* What the task asks *
Line by line, the data below should be set down unchanged, with images excluded.

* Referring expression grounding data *

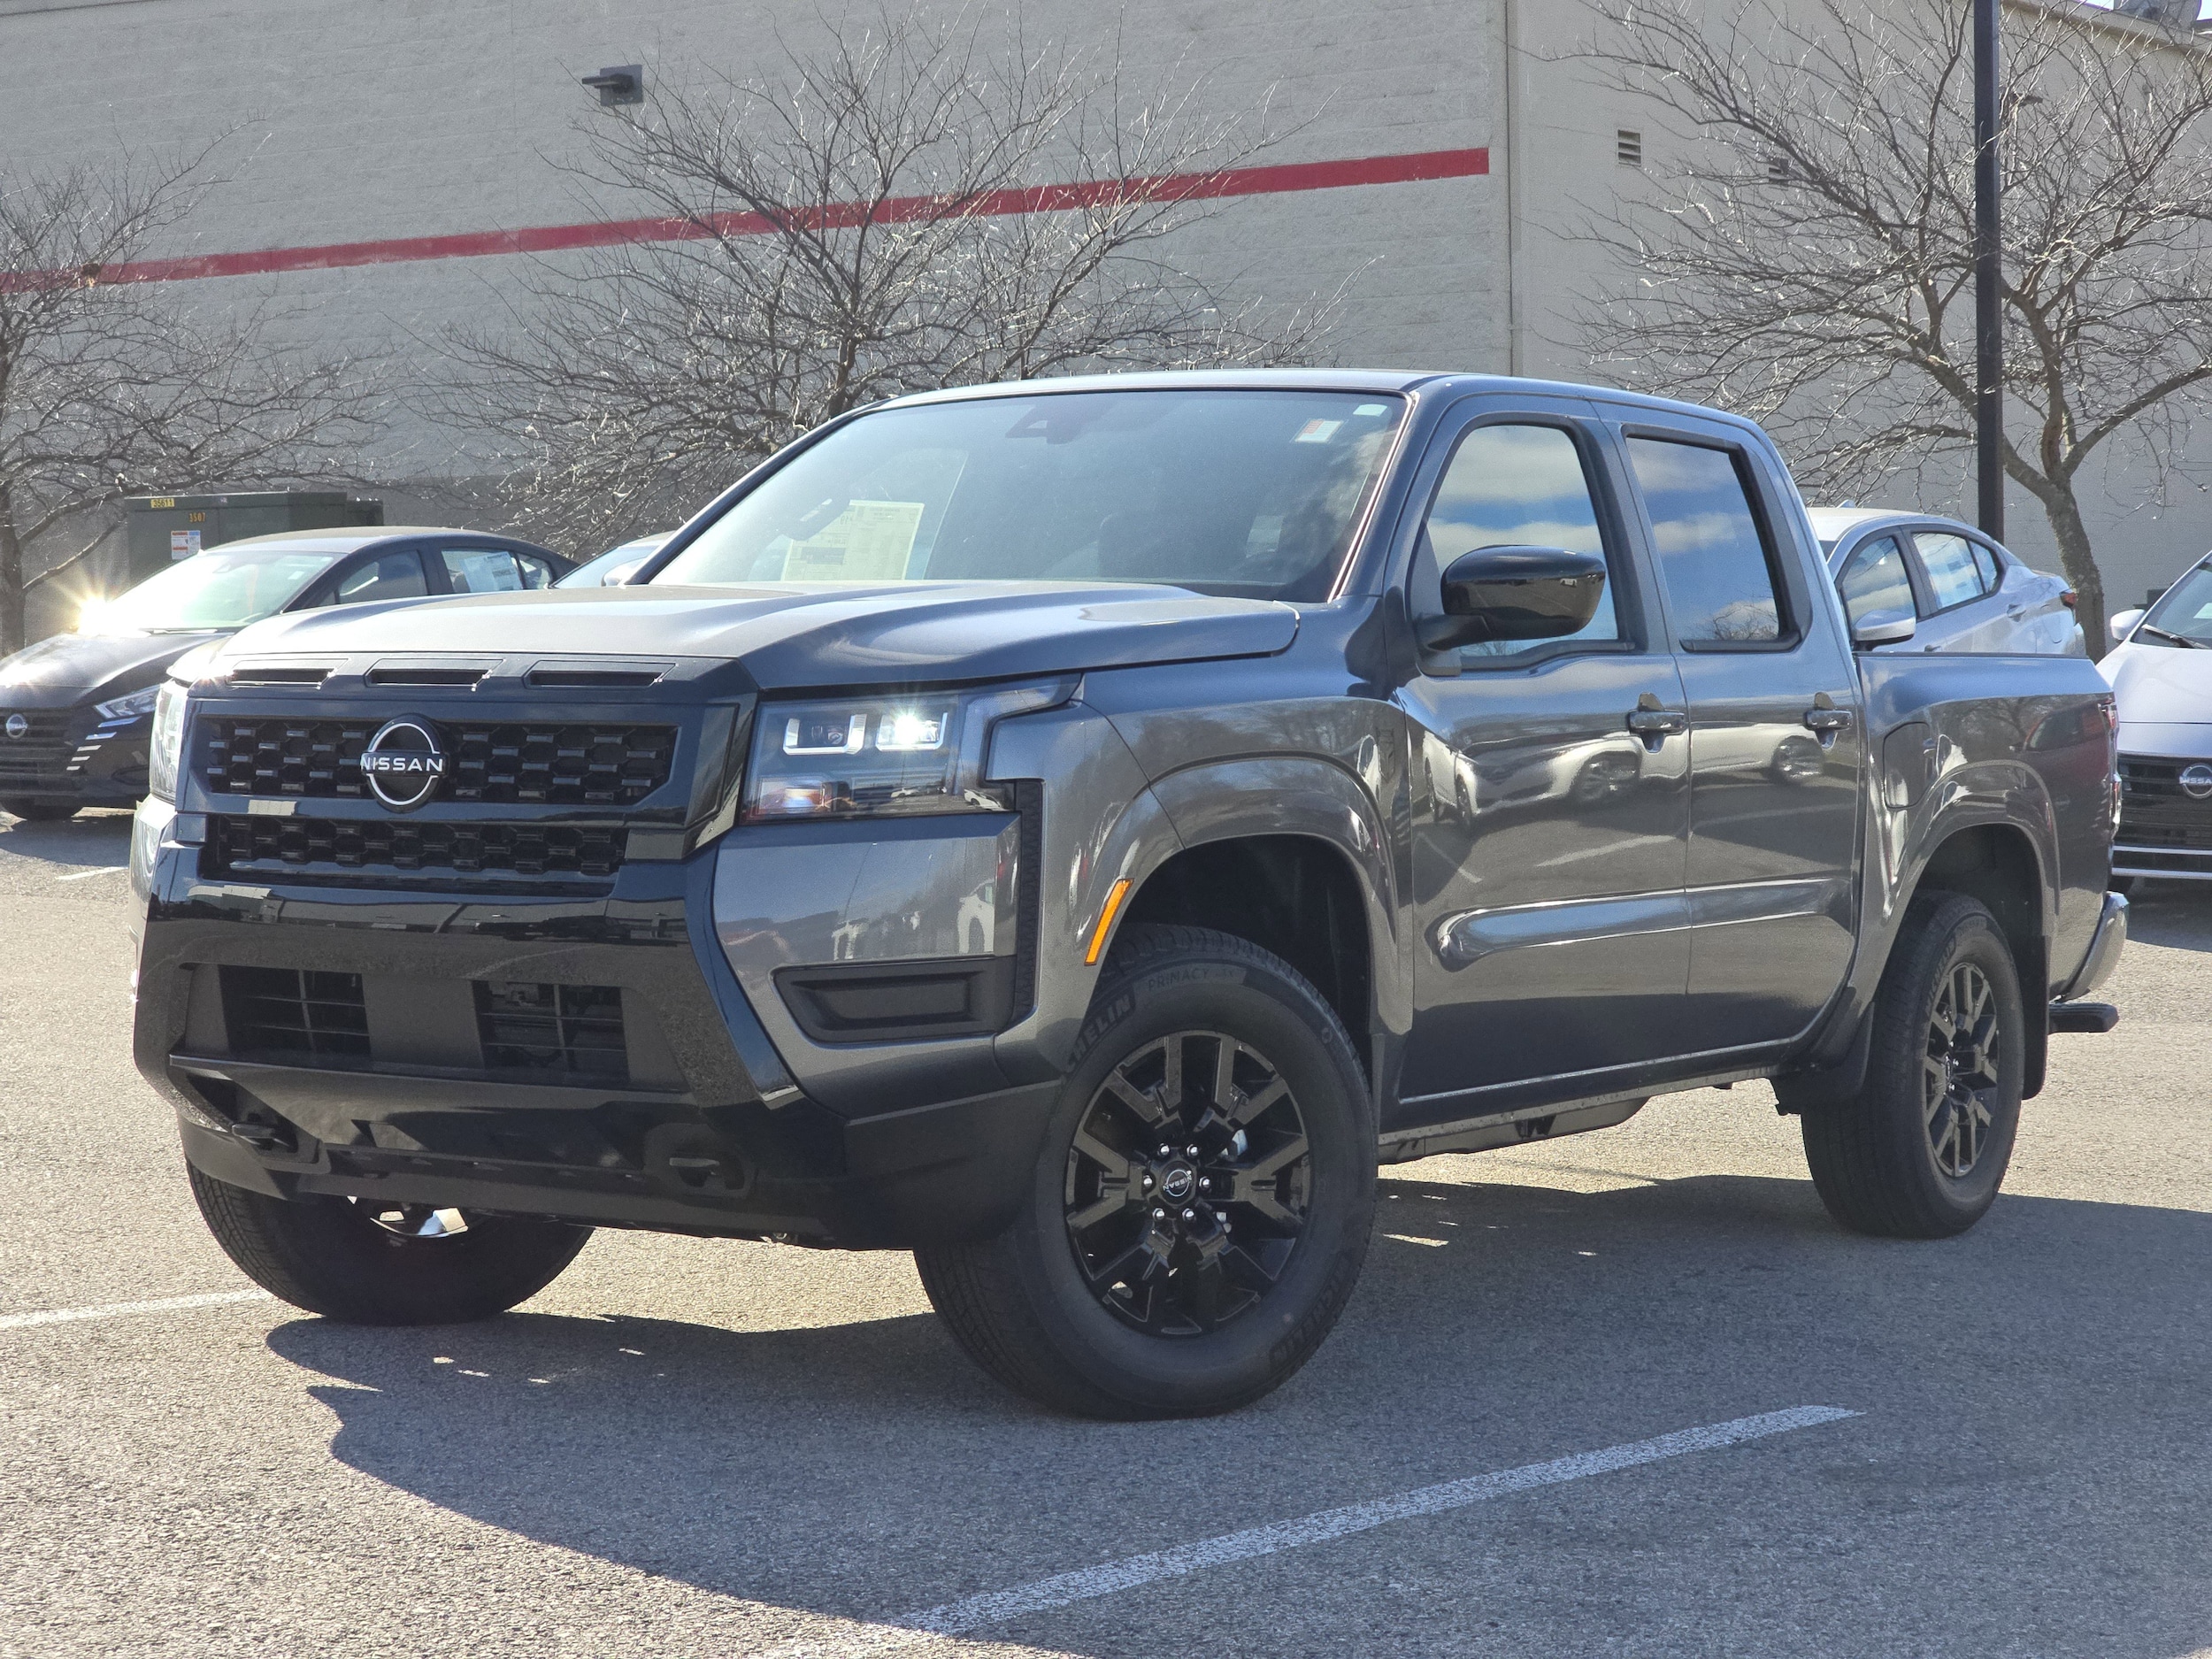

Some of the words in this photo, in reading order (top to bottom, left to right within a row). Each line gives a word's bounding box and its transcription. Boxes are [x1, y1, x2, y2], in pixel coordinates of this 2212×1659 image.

[360, 757, 443, 772] NISSAN
[2179, 775, 2212, 784] NISSA
[1148, 967, 1210, 992] PRIMACY
[1064, 993, 1132, 1074] HELIN
[1163, 1174, 1193, 1191] NISSAN
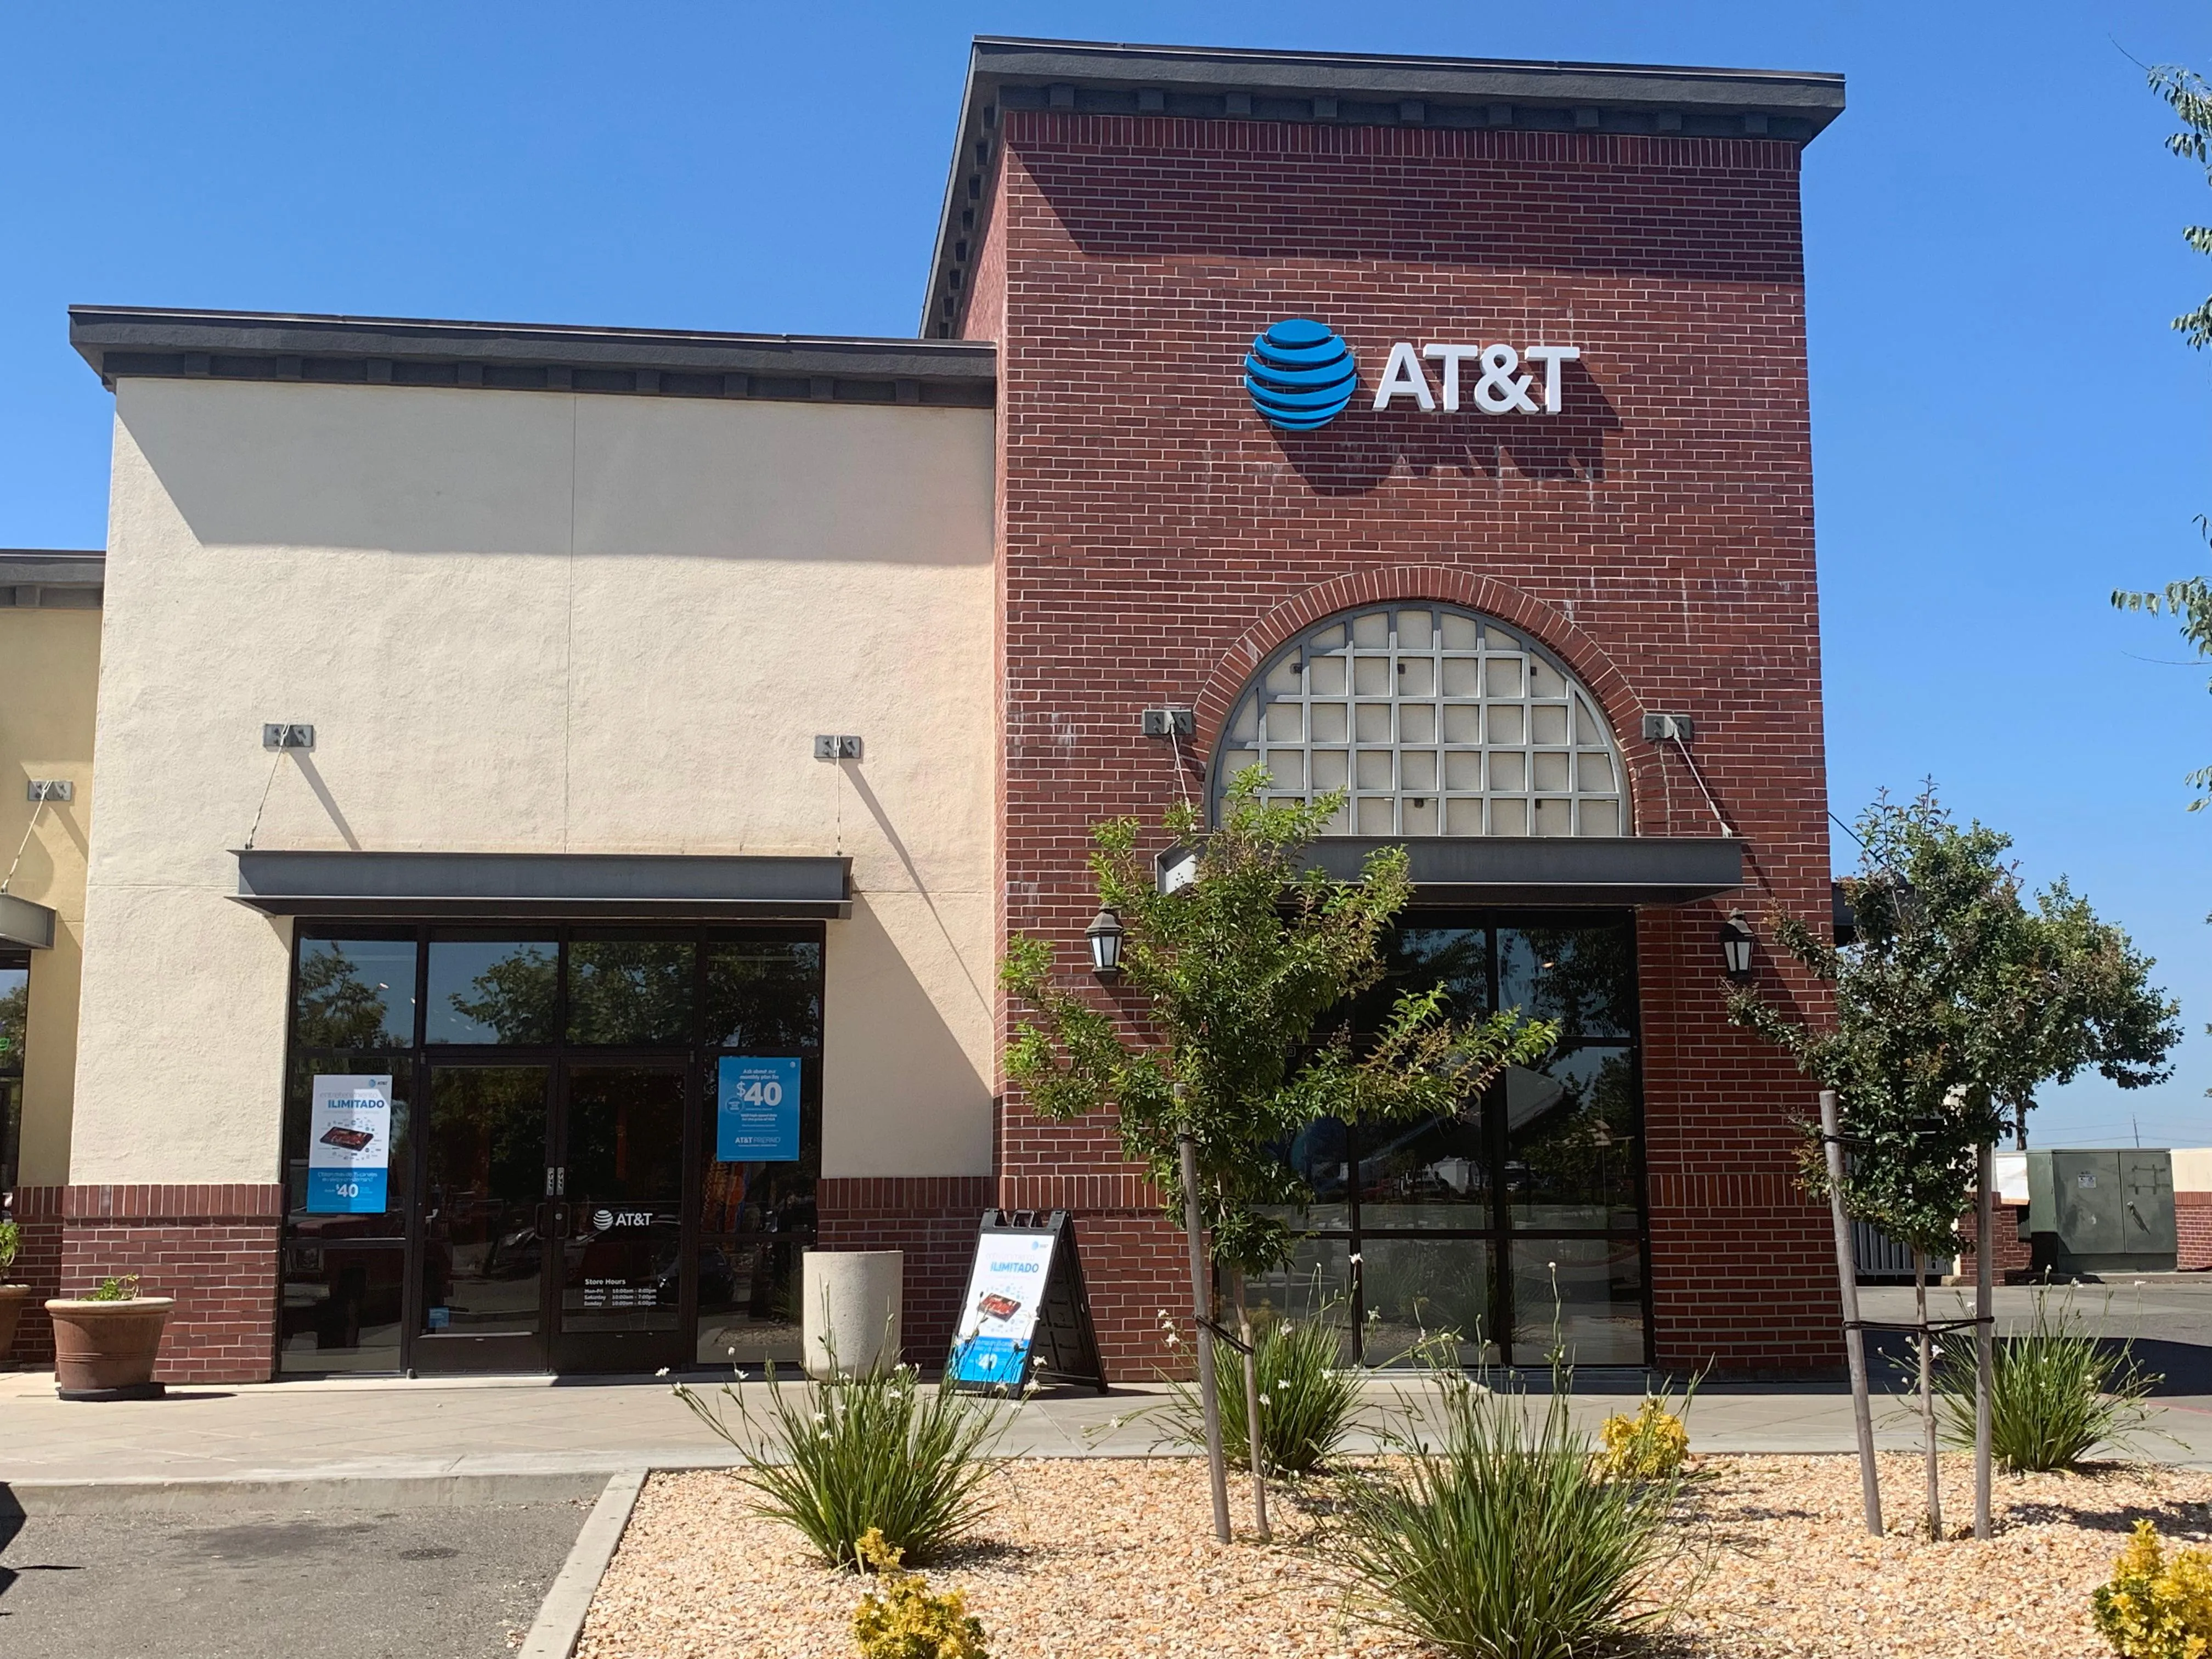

* Answer to this problem *
Some of the words in this photo, in reading order (top to bottom, left to right within a row). Each line gives a word's bounding box and its transcription. Boxes are [x1, y1, x2, y2], in pixel coordinates of this 2212×1659 image.

[360, 757, 443, 772] NISSAN
[2179, 775, 2212, 784] NISSA
[1148, 967, 1210, 992] PRIMACY
[1064, 993, 1132, 1074] HELIN
[1163, 1174, 1193, 1191] NISSAN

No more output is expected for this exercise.